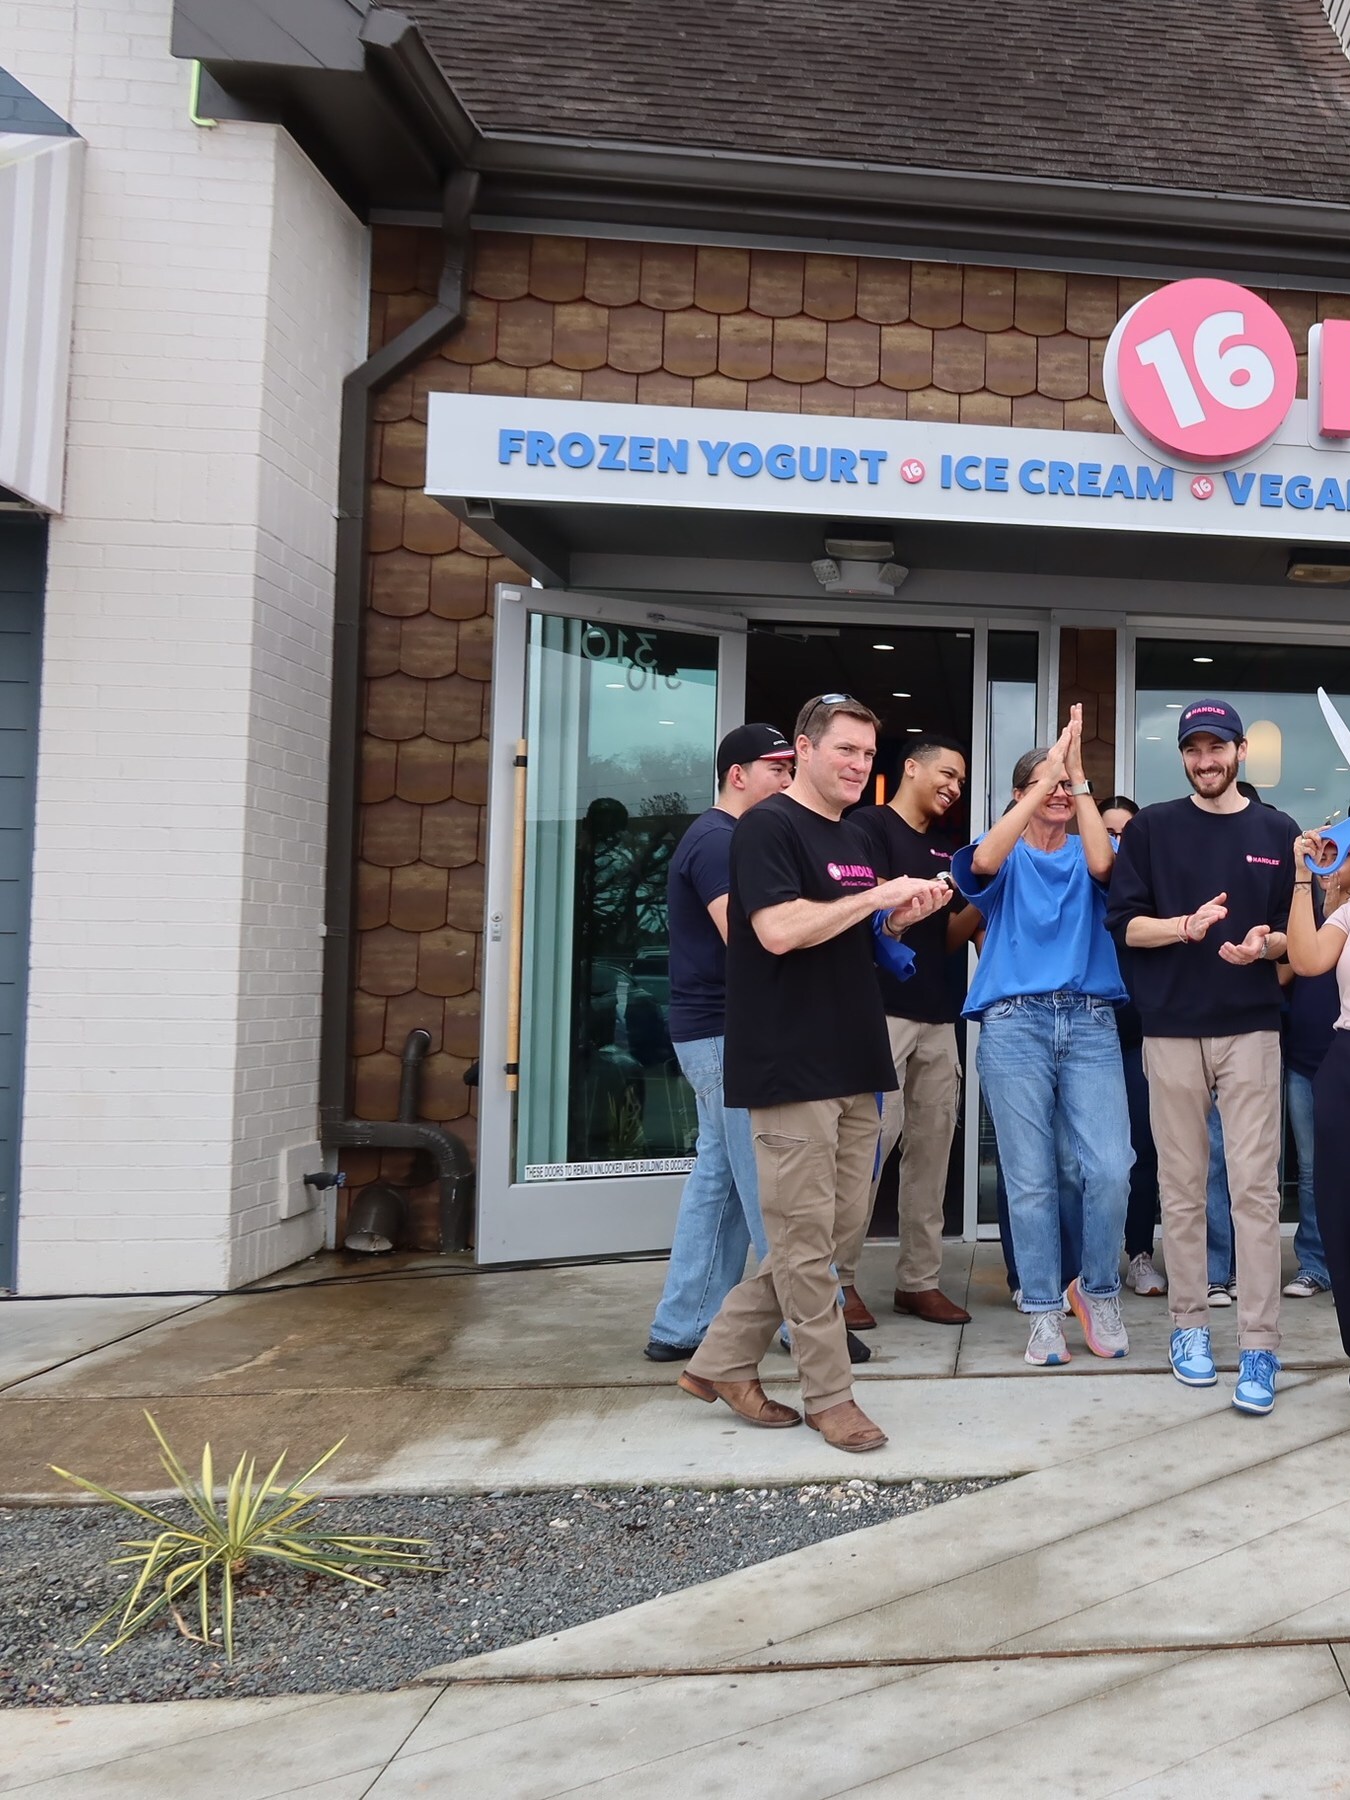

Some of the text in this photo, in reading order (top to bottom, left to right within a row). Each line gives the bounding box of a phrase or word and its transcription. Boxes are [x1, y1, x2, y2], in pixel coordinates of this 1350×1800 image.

[1135, 311, 1276, 429] 16
[498, 429, 689, 475] FROZEN
[699, 440, 888, 486] YOGURT
[901, 461, 923, 480] 16
[941, 455, 1009, 493] ICE
[1019, 459, 1175, 502] CREAM
[1192, 478, 1212, 496] 16
[1192, 706, 1226, 716] HANDLES
[1252, 856, 1280, 866] HANDLES
[838, 864, 875, 879] HANDLE
[525, 1166, 544, 1178] THESE
[545, 1165, 564, 1177] DOORS
[565, 1164, 572, 1176] TO
[573, 1163, 594, 1175] REMAIN
[594, 1162, 623, 1175] UNLOCKED
[624, 1161, 639, 1173] WHEN
[640, 1160, 664, 1172] BUILDING

To do - Reproduce the listing exactly, but omit every picture in it.

Output -
Some of the text in this photo, in reading order (top to bottom, left to right within a row). Each line gives the bounding box of a phrase or word and its transcription. Boxes are [x1, y1, x2, y2], in pixel coordinates of this 1350×1800 image.

[1135, 311, 1276, 429] 16
[498, 429, 689, 475] FROZEN
[699, 440, 888, 486] YOGURT
[901, 461, 923, 480] 16
[941, 455, 1009, 493] ICE
[1019, 459, 1175, 502] CREAM
[1192, 478, 1212, 496] 16
[1192, 706, 1226, 716] HANDLES
[1252, 856, 1280, 866] HANDLES
[838, 864, 875, 879] HANDLE
[525, 1166, 544, 1178] THESE
[545, 1165, 564, 1177] DOORS
[565, 1164, 572, 1176] TO
[573, 1163, 594, 1175] REMAIN
[594, 1162, 623, 1175] UNLOCKED
[624, 1161, 639, 1173] WHEN
[640, 1160, 664, 1172] BUILDING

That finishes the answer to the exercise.